(Dataset records)
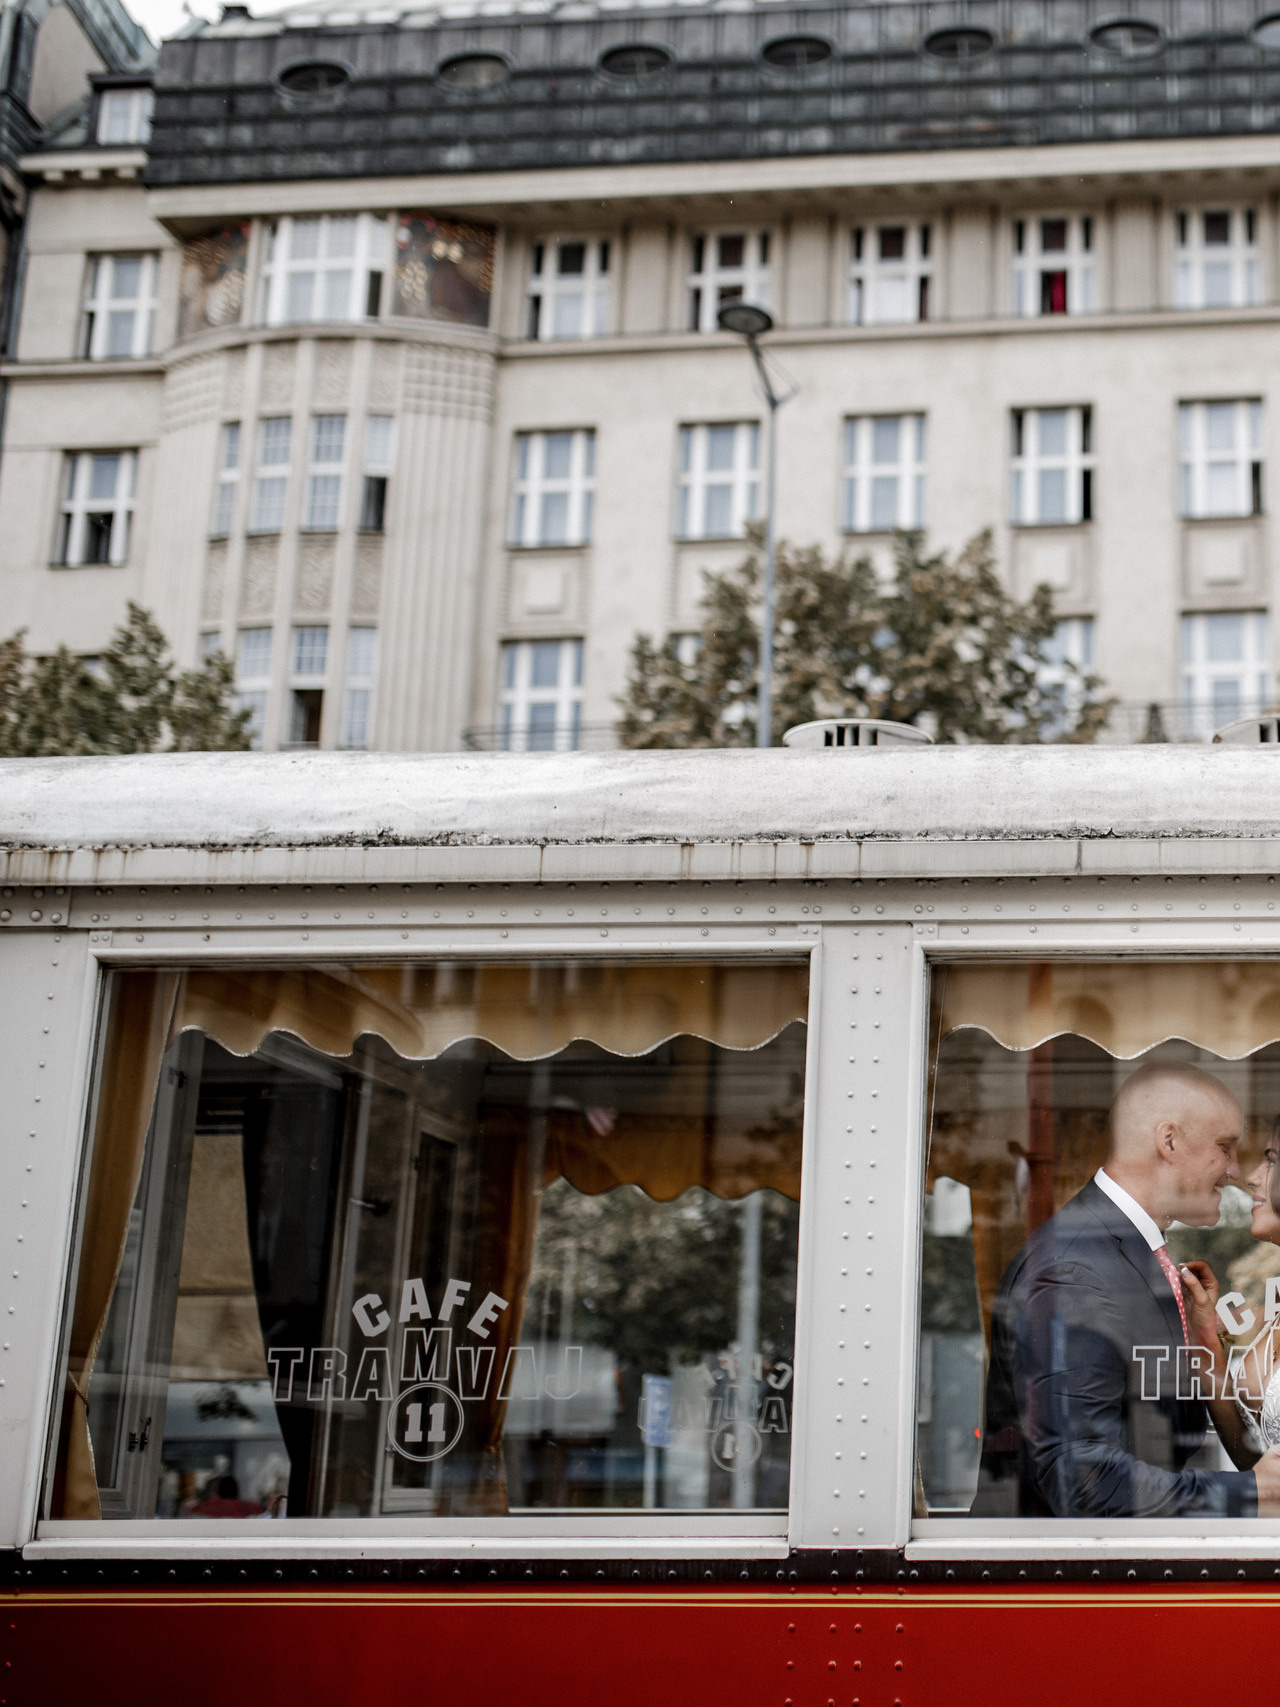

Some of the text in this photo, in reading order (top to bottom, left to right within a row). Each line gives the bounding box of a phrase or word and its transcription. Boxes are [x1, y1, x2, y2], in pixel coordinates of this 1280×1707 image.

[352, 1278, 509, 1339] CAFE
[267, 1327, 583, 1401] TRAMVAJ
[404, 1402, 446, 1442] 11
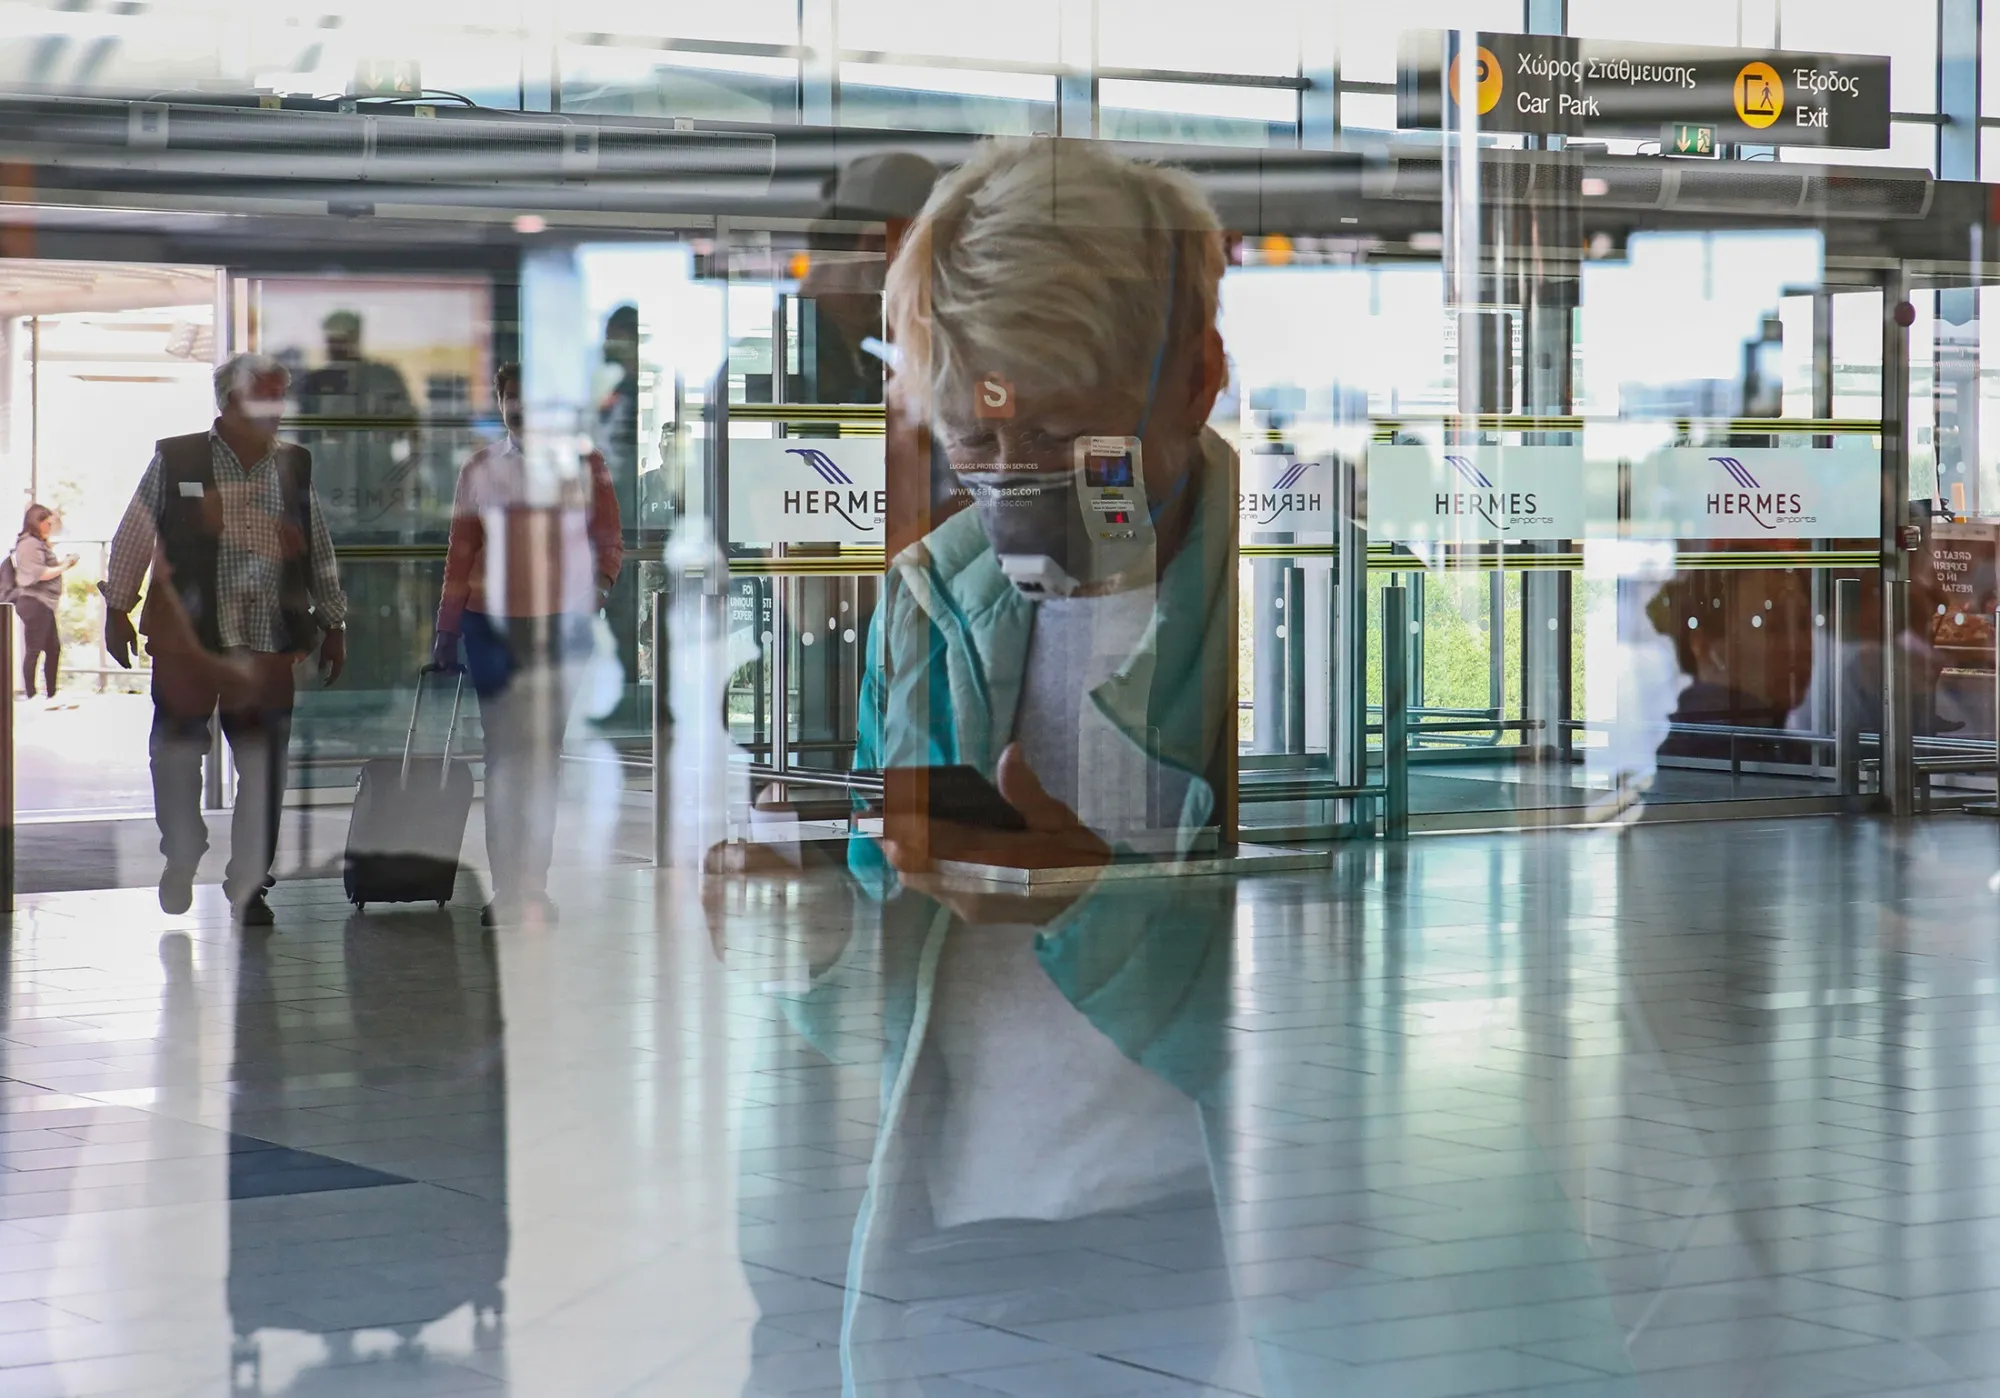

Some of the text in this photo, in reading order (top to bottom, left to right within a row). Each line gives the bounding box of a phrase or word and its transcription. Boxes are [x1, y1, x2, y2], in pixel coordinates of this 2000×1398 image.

* Instructions for the task: Each entry is to be output exactly, and no picture is to appear.

* Problem solution:
Some of the text in this photo, in reading order (top to bottom, left to right within a row). Each line gives the bounding box of a phrase or word and its transcription. Boxes are [x1, y1, x2, y2], in pixel coordinates of this 1280×1707 image.

[352, 1278, 509, 1339] CAFE
[267, 1327, 583, 1401] TRAMVAJ
[404, 1402, 446, 1442] 11

Some of the text in this photo, in reading order (top to bottom, left to right within a row). Each line gives the bounding box of a phrase or word and its transcription. Boxes are [x1, y1, x2, y2], in pixel coordinates of this 2000×1398 image.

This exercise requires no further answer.